A mild, high-yielding synthesis of symmetrical steroidal pyrazines was achieved from the dimerization of 2-amino-3-ketosteroids, which were produced in situ from the triphenylphosphine-water reduction of the corresponding alpha-azido ketone. 2-Azidocholestan-3-one gave the dimeric steroidal pyrazine very cleanly, and two known dimeric pyrazines based on androstanone were also made using this methodology. Both C-2-symmetric geometric isomers of the dimeric steroidal pyrazine derived from cholestane were prepared by reaction of 2,3-diaminocholestane with cholestane-2,3-dione. A route to unsymmetrical bis-steroidal pyrazines was based on the observation that alpha-acetoxy ketones react with alpha-amino oximes directly with no need for oxidation of intermediate dihydropyrazines.
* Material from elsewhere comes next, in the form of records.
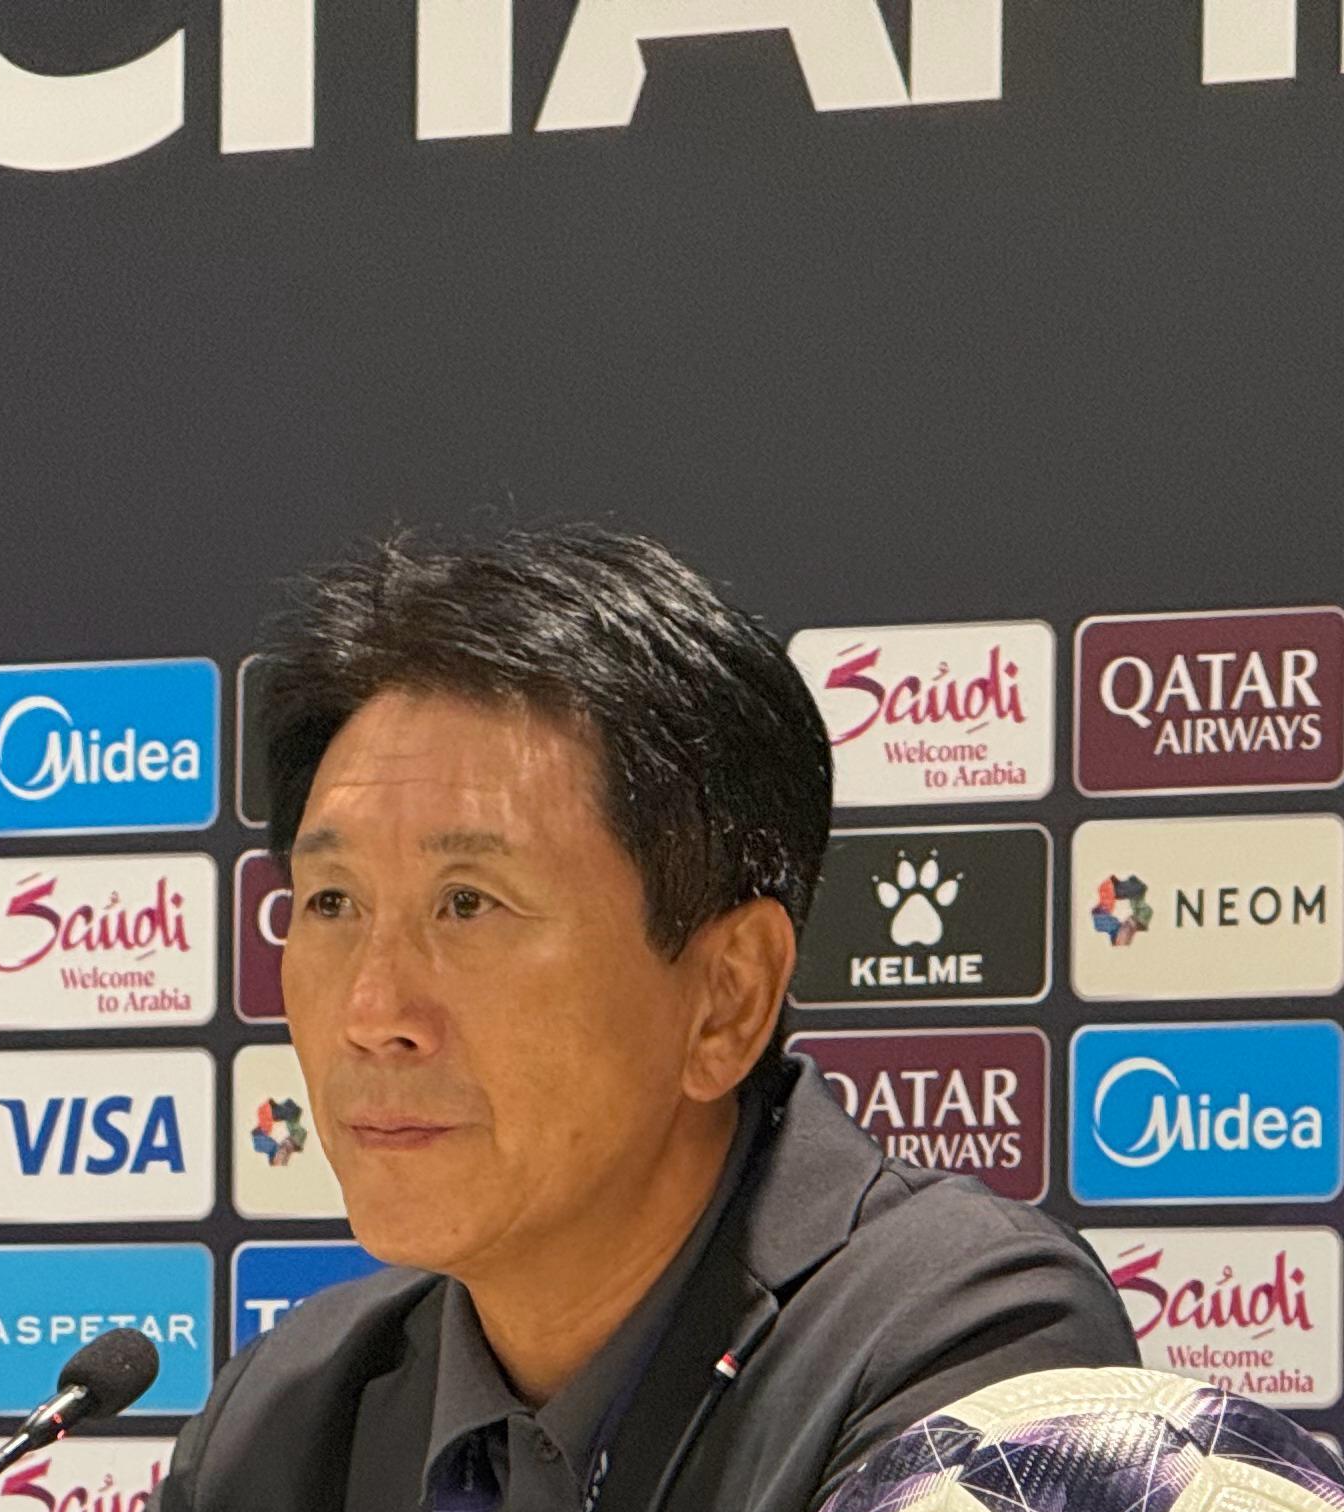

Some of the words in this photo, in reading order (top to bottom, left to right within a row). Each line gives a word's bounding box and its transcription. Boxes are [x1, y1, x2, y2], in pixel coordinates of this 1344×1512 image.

[824, 643, 1026, 747] Saudi
[1100, 648, 1320, 727] QATAR
[883, 740, 988, 765] Welcome
[1154, 714, 1321, 755] AIRWAYS
[27, 730, 200, 787] Midea
[924, 769, 948, 788] to
[952, 762, 1027, 787] Arabia
[1174, 885, 1326, 927] NEOM
[60, 967, 155, 990] Welcome
[850, 955, 982, 987] KELME
[98, 993, 120, 1013] to
[122, 990, 192, 1013] Arabia
[1128, 1094, 1323, 1151] Midea
[871, 1132, 1022, 1168] IRWAYS
[1111, 1244, 1314, 1340] Saudi
[1167, 1345, 1274, 1368] Welcome
[1238, 1369, 1314, 1394] Arabia
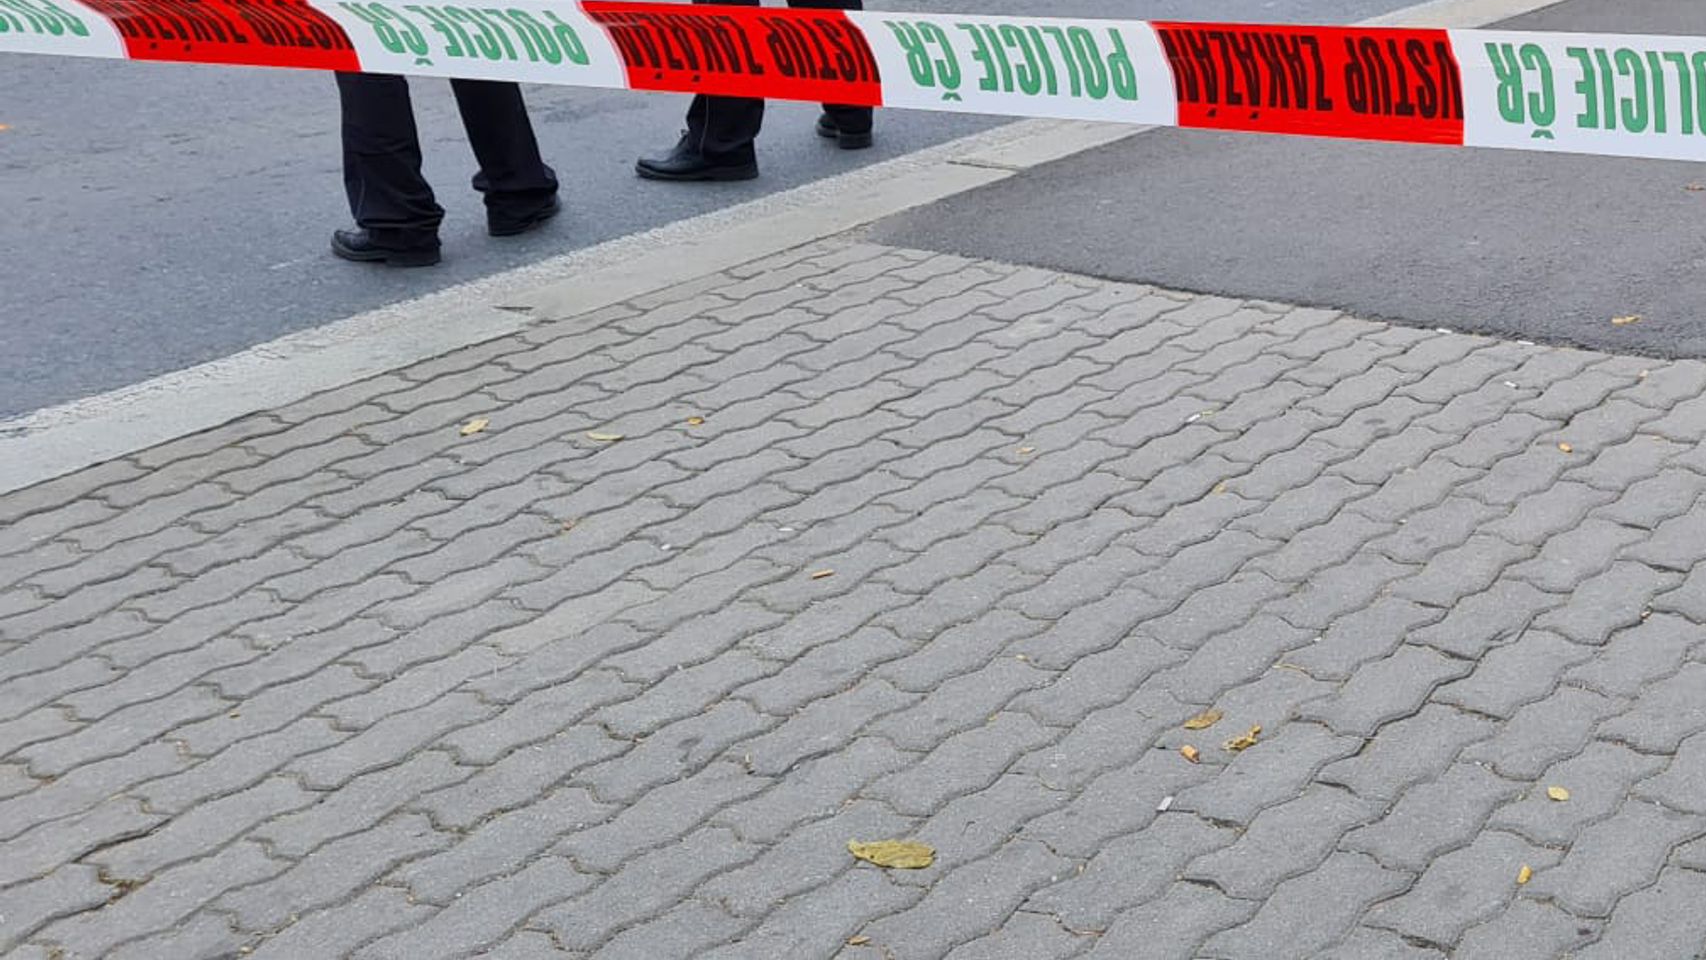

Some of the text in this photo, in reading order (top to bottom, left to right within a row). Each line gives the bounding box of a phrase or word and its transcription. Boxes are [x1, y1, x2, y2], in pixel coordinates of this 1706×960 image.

[338, 1, 591, 66] POLICIE ČR
[590, 11, 882, 83] VSTUP ZAKÁZÁN
[882, 20, 1139, 102] POLICIE ČR
[1156, 28, 1464, 120] VSTUP ZAKÁZÁN
[1485, 41, 1557, 139] ČR
Heating either 2 beta,17 beta-dihydroxyandrostan-3-one diacetate or 2 beta,17 beta-dihydroxyhecogenin-3-one diacetate with 2-amino-3-methoxyiminocholestane in toluene at 145 degrees C gave the corresponding unsymmetrical pyrazine in moderate yield. Five of the steroidal pyrazines were evaluated in the National Cancer Institute's new in vitro, disease-oriented antitumor screen, but none showed sufficient activity to warrant in vivo investigation.